The government is sharpening its weapons as it approaches consideration of the pension reform bill. The text, presented to the National Assembly on January 30, promises many hours of heated debate. Fearing a parliamentary stalemate, the government opted for an unprecedented legislative mechanism that resulted in the application of Article 47-1 of the Constitution. What does it include? And what are the political risks of using it? We sum up.
Why this article?
As has been mentioned for several months now, the pension reform is part of the Social Security Financing Amendment Bill (PLFSS). “We chose this vehicle because it is a natural vehicle,” the prime minister justified on Monday. “It is also a type of bill that is subject to a certain set of rules by the constitution, which can allow the removal of obstacles, blockages,” she continued, while the deputies of recalcitrant France for a while mentioned the possibility of submitting thousands of amendments.
The executive may fear a repeat of the 2020 episode when it examines its previous pension reform bill, in which the opposition pushed more than 40,000 amendments to the National Assembly before resorting to section 49.3. Since the pension reform is part of the PLFSSR this time around, the government can still use 49.3 – its use is not limited to financial law.
But above all, the procedure chosen by Matignon will automatically lead to the application of another article of the Constitution, 47-1. “Every time a bill is voted on for welfare funding, 47-1 applies. Unlike 49.3, you cannot decide whether to activate it or not,” explains Jean-Philippe Derosier, lawyer and constitutional lawyer.
What is the procedure?
Not surprisingly, this provision will limit the duration of the debate. According to the article, parliament can discuss the text within a maximum of 50 days. “If the National Assembly does not decide on the first reading within twenty days after the introduction of the bill, the government takes the decision of the Senate, which must make a decision within fifteen days,” the Constitution clarifies.

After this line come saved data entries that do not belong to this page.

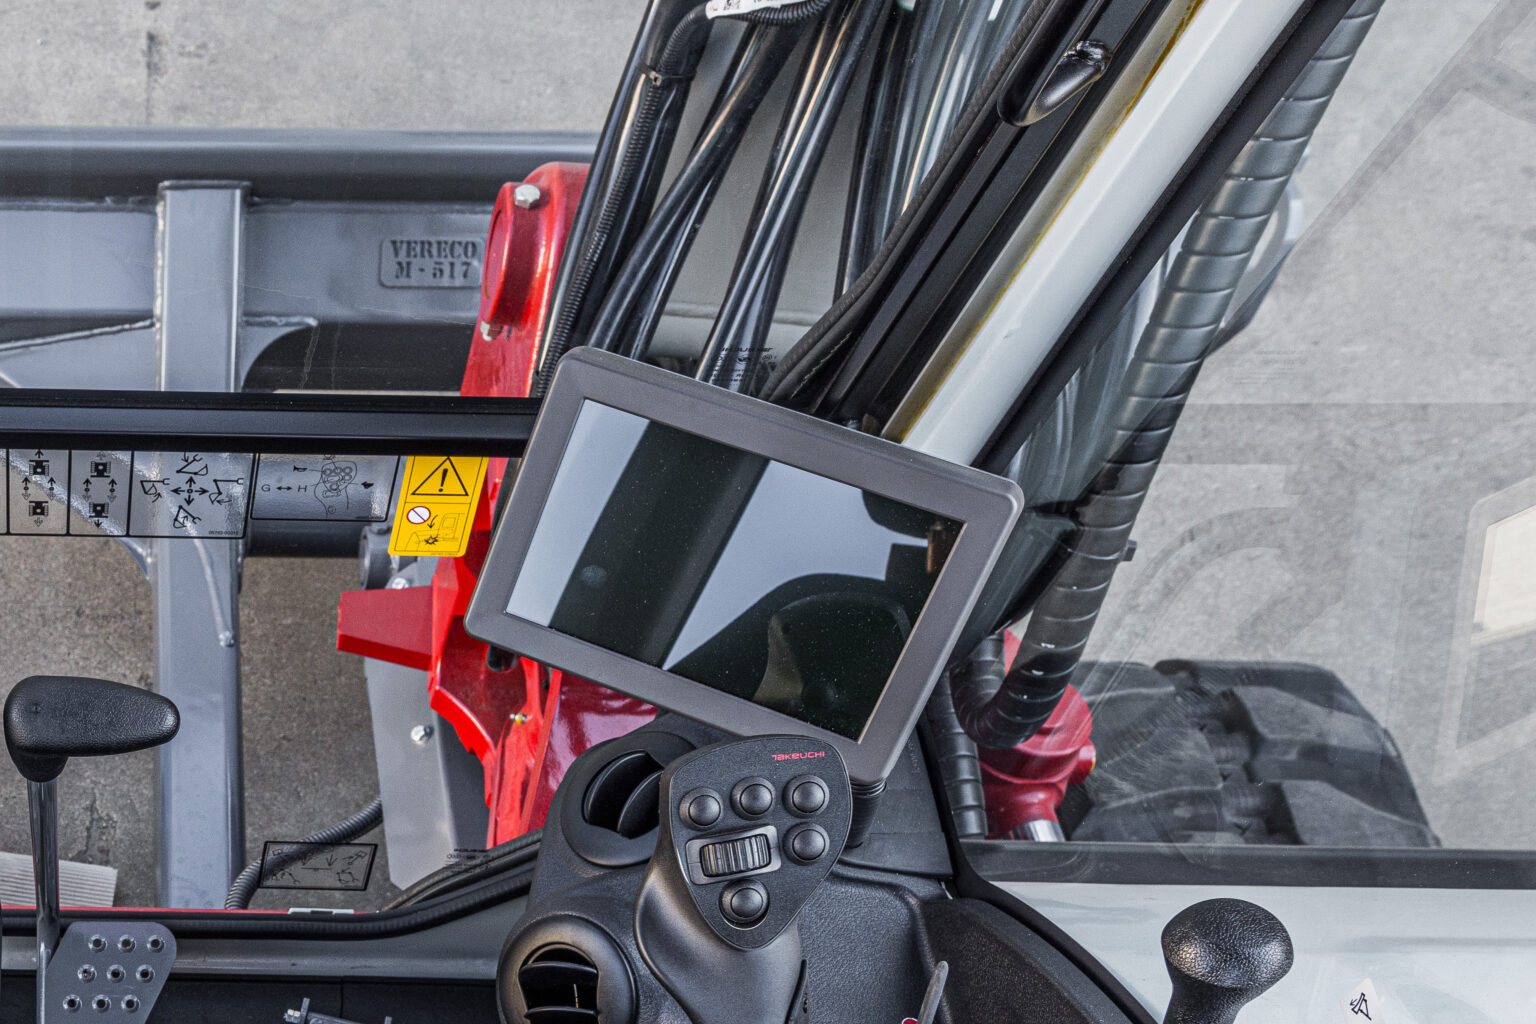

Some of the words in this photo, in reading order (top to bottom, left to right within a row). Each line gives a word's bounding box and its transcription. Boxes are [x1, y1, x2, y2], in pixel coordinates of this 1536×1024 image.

[390, 239, 478, 259] VERECO
[261, 484, 271, 493] G
[297, 485, 307, 493] H
[771, 751, 825, 761] TAKEUCHI
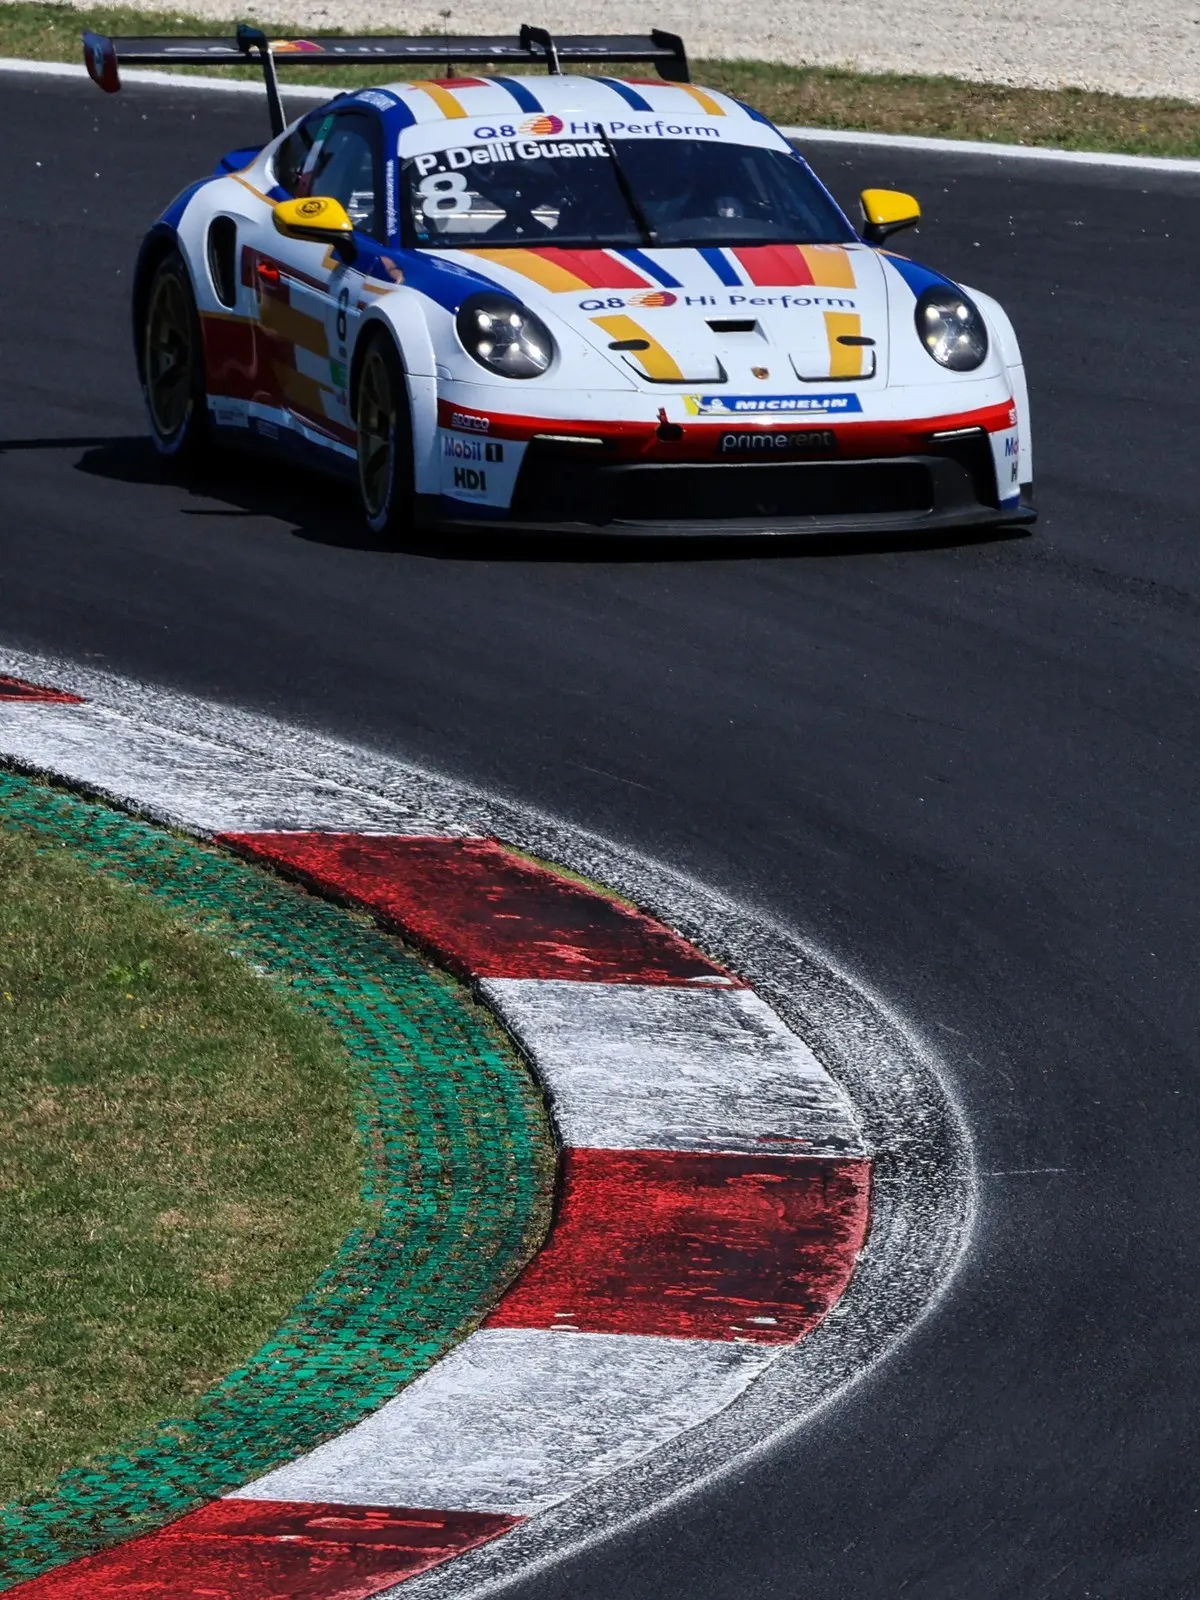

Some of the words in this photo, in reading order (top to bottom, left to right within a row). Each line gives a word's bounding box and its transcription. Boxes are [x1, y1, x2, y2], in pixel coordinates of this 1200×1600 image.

[474, 125, 516, 139] Q8
[611, 122, 720, 140] Perform
[414, 154, 446, 177] P.
[450, 144, 514, 170] Delli
[419, 172, 472, 218] 8
[579, 298, 626, 311] Q8
[684, 296, 716, 306] Hi
[730, 296, 856, 309] Perform
[735, 398, 848, 410] MICHELIN
[452, 413, 489, 430] sparco
[445, 436, 481, 461] Mobil
[722, 430, 833, 452] primerent
[454, 467, 486, 491] HDI

In other words, if the debate at the Palais Bourbon drags on, Article 47-1 will end discussions without the need for a vote, and the text will be submitted to the Senate in 20 days. Then the Luxembourg Palace must, in turn, hold a debate within 15 days. If the senators struggle to reach an agreement, the text will finally be presented to a joint committee (CMP) of 7 MPs and 7 senators who will try to get the final say. Once an agreement is reached, the bill prepared by the CMP will be voted on a second reading in the Assembly, counting on the support of the Republicans.
What are the risks?
By using this legislative tool, the government will reduce hurdles, but still face some risks. First, stir up the ire of the opposition, even the streets, by reducing the debate. “The government is sending a message that is not positive either for the parliament it is holding back or for public opinion to which it seems to be speaking. no matter how important this reform is, we will carry it out as soon as possible ”, emphasizes Jean-Philippe Derosier.
On the other hand, the government may still face “legal uncertainty,” the constitutionalist believes. “This apparatus was not designed to carry out serious reforms. The goal of the PLFSS is to change the Social Security budget during the year. Therefore, the deadlines are extremely compressed, hence the existence of 47-1. Here we are in the case of a corrective PLFSS, but there is really no urgency,” he explains.
An observation shared by his colleague, Benjamin Morel “You can always imagine that this reform is very urgent, but if it is not voted for in March or July, it will not change the overall balance of the pension system,” the public law specialist insists.
Finally, a financial text, such as a Social Security Funding Bill, should logically refer to financial provisions. “Obviously we can’t fit everything and everyone into PLFSS,” insists Jean-Philippe Derosier. “Some items [l’index des seniors ou les critères de pénibilités par exemple] may not have a financial aspect and thus be condemned by the Constitutional Council. “A hypothesis that was itself mentioned by the president of the institution, Laurent Fabius, according to the Canard Enchaîné.